The AIBN also issued safety reccomandations after the crash. Mainly regarding stricter safety measures for flights in dangerous areas and to dangerous airports, like those in the Svalbard archipelago, like better emergency equipment, that was lacking on Flight 312, and better instruments for flying. It was also asked to Convers Avia to do better checks and implement stricter safety procedures, to correct the numerous violations found.

== Aftermath ==
Norwegian Prime Minister, Erna Solberg, sent her condolences to the families of the victims, the russian community in the Svalbard and to the Prime Minister of Russia, Dmitry Medvedev.

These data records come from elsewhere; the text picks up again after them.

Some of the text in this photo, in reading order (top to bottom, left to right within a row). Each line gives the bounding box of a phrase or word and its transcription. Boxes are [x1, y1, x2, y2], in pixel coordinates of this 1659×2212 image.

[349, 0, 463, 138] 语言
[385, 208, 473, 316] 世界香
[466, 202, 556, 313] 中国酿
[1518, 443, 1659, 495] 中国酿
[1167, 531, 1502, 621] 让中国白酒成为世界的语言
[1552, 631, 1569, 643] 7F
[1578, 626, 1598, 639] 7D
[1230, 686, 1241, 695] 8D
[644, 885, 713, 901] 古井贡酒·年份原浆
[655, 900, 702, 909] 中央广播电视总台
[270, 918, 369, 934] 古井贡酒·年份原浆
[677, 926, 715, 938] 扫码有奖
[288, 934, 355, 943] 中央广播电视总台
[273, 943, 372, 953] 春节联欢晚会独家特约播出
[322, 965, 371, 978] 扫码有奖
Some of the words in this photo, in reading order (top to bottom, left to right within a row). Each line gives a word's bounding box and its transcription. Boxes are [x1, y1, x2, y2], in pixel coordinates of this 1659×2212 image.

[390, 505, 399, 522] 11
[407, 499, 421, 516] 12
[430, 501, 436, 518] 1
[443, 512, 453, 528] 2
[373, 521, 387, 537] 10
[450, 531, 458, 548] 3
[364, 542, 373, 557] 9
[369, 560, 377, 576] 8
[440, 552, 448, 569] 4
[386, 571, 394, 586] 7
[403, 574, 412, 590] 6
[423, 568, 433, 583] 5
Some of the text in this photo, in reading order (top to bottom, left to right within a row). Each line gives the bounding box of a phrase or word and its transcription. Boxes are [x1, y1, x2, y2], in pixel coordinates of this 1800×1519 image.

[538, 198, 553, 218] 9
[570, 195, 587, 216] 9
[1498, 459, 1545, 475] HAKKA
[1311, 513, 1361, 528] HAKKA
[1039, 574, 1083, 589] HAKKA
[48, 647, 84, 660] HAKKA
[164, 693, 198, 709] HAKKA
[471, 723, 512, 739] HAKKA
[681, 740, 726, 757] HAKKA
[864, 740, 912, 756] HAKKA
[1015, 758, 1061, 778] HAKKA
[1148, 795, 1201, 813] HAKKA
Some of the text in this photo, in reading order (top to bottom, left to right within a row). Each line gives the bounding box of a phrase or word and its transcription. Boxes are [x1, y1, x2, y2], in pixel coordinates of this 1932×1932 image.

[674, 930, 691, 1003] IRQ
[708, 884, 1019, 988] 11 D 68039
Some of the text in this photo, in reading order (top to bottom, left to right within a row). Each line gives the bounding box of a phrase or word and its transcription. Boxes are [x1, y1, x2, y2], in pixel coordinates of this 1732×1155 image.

In 2018 the families of the victims asked to the Norwegian Government to start a new search for the seven missing people which were not found during the recovery of the helicopter, since as one of them said "the fact that nobody was found after the helicopter crash made us hope that someone managed to survive". A judicial case was opened after the accident by the prosecutor of Troms og Finnmark. The case was later archived in 2020 after the release of the final report.